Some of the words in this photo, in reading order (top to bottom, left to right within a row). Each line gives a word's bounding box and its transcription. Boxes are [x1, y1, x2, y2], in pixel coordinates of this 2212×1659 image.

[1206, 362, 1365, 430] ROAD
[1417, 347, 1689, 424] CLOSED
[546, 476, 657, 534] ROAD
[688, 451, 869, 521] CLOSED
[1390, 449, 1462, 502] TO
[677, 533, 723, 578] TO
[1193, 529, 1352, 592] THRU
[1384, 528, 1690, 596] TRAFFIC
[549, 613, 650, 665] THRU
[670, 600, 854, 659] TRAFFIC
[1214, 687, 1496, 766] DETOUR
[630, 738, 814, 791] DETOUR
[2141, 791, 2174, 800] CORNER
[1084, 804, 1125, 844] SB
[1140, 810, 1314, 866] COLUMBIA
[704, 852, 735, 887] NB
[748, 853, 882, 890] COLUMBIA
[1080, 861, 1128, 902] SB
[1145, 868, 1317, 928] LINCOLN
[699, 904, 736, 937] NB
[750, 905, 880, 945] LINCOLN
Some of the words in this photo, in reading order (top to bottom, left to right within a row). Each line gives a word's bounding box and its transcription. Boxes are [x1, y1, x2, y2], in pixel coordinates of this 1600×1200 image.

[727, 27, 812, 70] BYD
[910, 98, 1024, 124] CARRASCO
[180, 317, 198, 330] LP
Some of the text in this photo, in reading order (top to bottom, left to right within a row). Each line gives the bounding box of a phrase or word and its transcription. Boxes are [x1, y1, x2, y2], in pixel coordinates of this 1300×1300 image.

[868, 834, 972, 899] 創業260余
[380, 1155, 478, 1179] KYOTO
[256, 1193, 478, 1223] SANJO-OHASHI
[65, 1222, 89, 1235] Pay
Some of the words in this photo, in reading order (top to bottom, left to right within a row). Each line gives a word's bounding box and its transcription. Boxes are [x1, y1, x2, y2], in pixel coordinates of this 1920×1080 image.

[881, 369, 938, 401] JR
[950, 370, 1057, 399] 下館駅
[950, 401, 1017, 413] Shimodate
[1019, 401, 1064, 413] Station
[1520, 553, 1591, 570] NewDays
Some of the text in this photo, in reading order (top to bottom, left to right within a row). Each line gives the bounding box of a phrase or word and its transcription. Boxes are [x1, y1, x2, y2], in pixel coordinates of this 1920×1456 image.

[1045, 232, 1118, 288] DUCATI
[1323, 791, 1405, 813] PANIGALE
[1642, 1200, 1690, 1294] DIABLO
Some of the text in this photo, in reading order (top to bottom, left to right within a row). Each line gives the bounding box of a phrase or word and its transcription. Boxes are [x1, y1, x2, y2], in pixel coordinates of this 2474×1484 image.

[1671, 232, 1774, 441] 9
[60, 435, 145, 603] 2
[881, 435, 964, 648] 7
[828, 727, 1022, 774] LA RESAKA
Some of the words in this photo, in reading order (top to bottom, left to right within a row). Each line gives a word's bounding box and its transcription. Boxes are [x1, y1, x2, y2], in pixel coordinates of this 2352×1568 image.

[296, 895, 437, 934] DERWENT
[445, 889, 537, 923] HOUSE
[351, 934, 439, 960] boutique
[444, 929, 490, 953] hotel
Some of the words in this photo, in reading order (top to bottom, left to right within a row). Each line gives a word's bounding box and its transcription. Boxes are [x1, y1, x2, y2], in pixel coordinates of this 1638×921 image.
◆ ◆ ◆ ◆
To do ▸ Copy all records verbatim.

Result ▸
Some of the words in this photo, in reading order (top to bottom, left to right within a row). Each line gives a word's bounding box and its transcription. Boxes are [x1, y1, x2, y2], in pixel coordinates of this 2212×1659 image.

[1206, 362, 1365, 430] ROAD
[1417, 347, 1689, 424] CLOSED
[546, 476, 657, 534] ROAD
[688, 451, 869, 521] CLOSED
[1390, 449, 1462, 502] TO
[677, 533, 723, 578] TO
[1193, 529, 1352, 592] THRU
[1384, 528, 1690, 596] TRAFFIC
[549, 613, 650, 665] THRU
[670, 600, 854, 659] TRAFFIC
[1214, 687, 1496, 766] DETOUR
[630, 738, 814, 791] DETOUR
[2141, 791, 2174, 800] CORNER
[1084, 804, 1125, 844] SB
[1140, 810, 1314, 866] COLUMBIA
[704, 852, 735, 887] NB
[748, 853, 882, 890] COLUMBIA
[1080, 861, 1128, 902] SB
[1145, 868, 1317, 928] LINCOLN
[699, 904, 736, 937] NB
[750, 905, 880, 945] LINCOLN
Some of the words in this photo, in reading order (top to bottom, left to right within a row). Each line gives a word's bounding box and its transcription. Boxes are [x1, y1, x2, y2], in pixel coordinates of this 1600×1200 image.

[727, 27, 812, 70] BYD
[910, 98, 1024, 124] CARRASCO
[180, 317, 198, 330] LP
Some of the text in this photo, in reading order (top to bottom, left to right within a row). Each line gives the bounding box of a phrase or word and its transcription. Boxes are [x1, y1, x2, y2], in pixel coordinates of this 1300×1300 image.

[868, 834, 972, 899] 創業260余
[380, 1155, 478, 1179] KYOTO
[256, 1193, 478, 1223] SANJO-OHASHI
[65, 1222, 89, 1235] Pay
Some of the words in this photo, in reading order (top to bottom, left to right within a row). Each line gives a word's bounding box and its transcription. Boxes are [x1, y1, x2, y2], in pixel coordinates of this 1920×1080 image.

[881, 369, 938, 401] JR
[950, 370, 1057, 399] 下館駅
[950, 401, 1017, 413] Shimodate
[1019, 401, 1064, 413] Station
[1520, 553, 1591, 570] NewDays
Some of the text in this photo, in reading order (top to bottom, left to right within a row). Each line gives the bounding box of a phrase or word and its transcription. Boxes are [x1, y1, x2, y2], in pixel coordinates of this 1920×1456 image.

[1045, 232, 1118, 288] DUCATI
[1323, 791, 1405, 813] PANIGALE
[1642, 1200, 1690, 1294] DIABLO
Some of the text in this photo, in reading order (top to bottom, left to right within a row). Each line gives the bounding box of a phrase or word and its transcription. Boxes are [x1, y1, x2, y2], in pixel coordinates of this 2474×1484 image.

[1671, 232, 1774, 441] 9
[60, 435, 145, 603] 2
[881, 435, 964, 648] 7
[828, 727, 1022, 774] LA RESAKA
Some of the words in this photo, in reading order (top to bottom, left to right within a row). Each line gives a word's bounding box and its transcription. Boxes are [x1, y1, x2, y2], in pixel coordinates of this 2352×1568 image.

[296, 895, 437, 934] DERWENT
[445, 889, 537, 923] HOUSE
[351, 934, 439, 960] boutique
[444, 929, 490, 953] hotel
Some of the words in this photo, in reading order (top to bottom, left to right within a row). Each line gives a word's bounding box and its transcription. Boxes are [x1, y1, x2, y2], in pixel coordinates of this 1638×921 image.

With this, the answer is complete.